-- Problem description --
Write the data out again exactly, dropping any images it holds.

*** The data ***

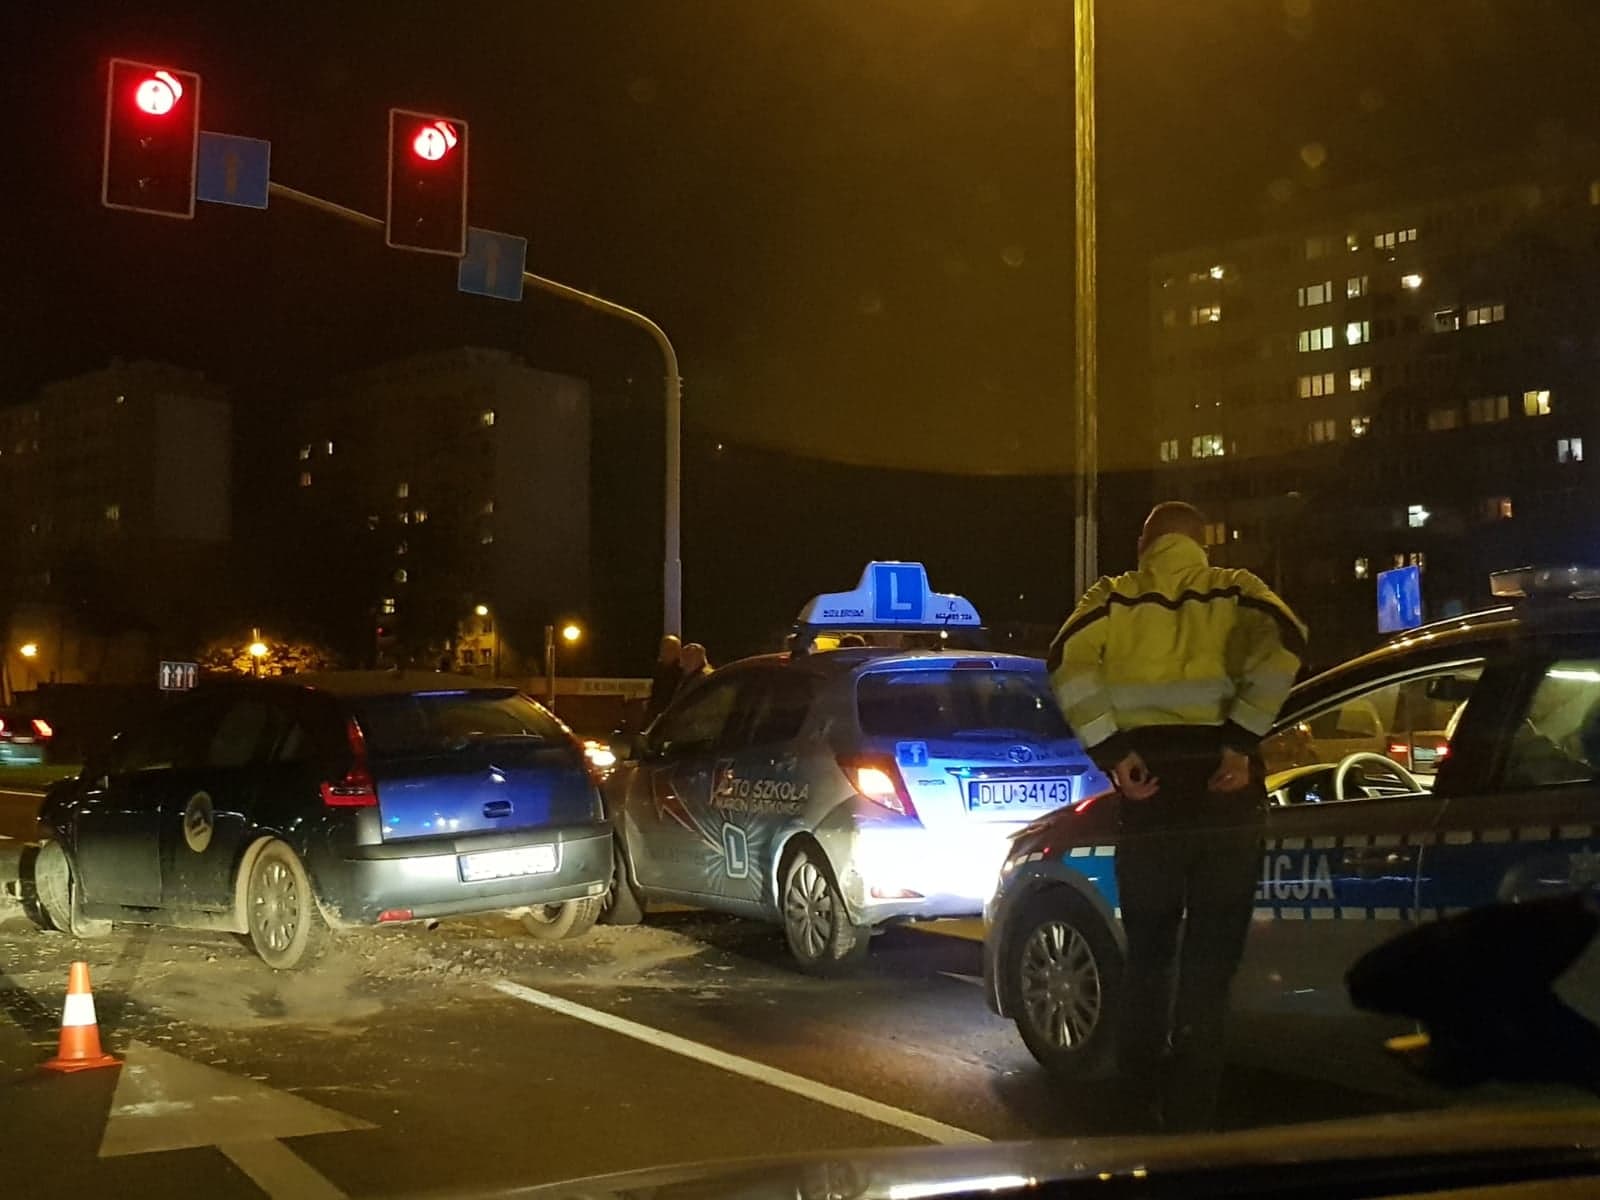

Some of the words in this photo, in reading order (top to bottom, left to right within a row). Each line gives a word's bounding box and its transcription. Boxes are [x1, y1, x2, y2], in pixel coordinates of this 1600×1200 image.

[889, 572, 912, 610] L
[981, 784, 1013, 805] DLU
[1019, 783, 1068, 805] 34143
[729, 835, 744, 869] L

*** End of The data ***

-- Answer --
Some of the words in this photo, in reading order (top to bottom, left to right within a row). Each line gives a word's bounding box and its transcription. Boxes are [x1, y1, x2, y2], in pixel coordinates of this 1600×1200 image.

[889, 572, 912, 610] L
[981, 784, 1013, 805] DLU
[1019, 783, 1068, 805] 34143
[729, 835, 744, 869] L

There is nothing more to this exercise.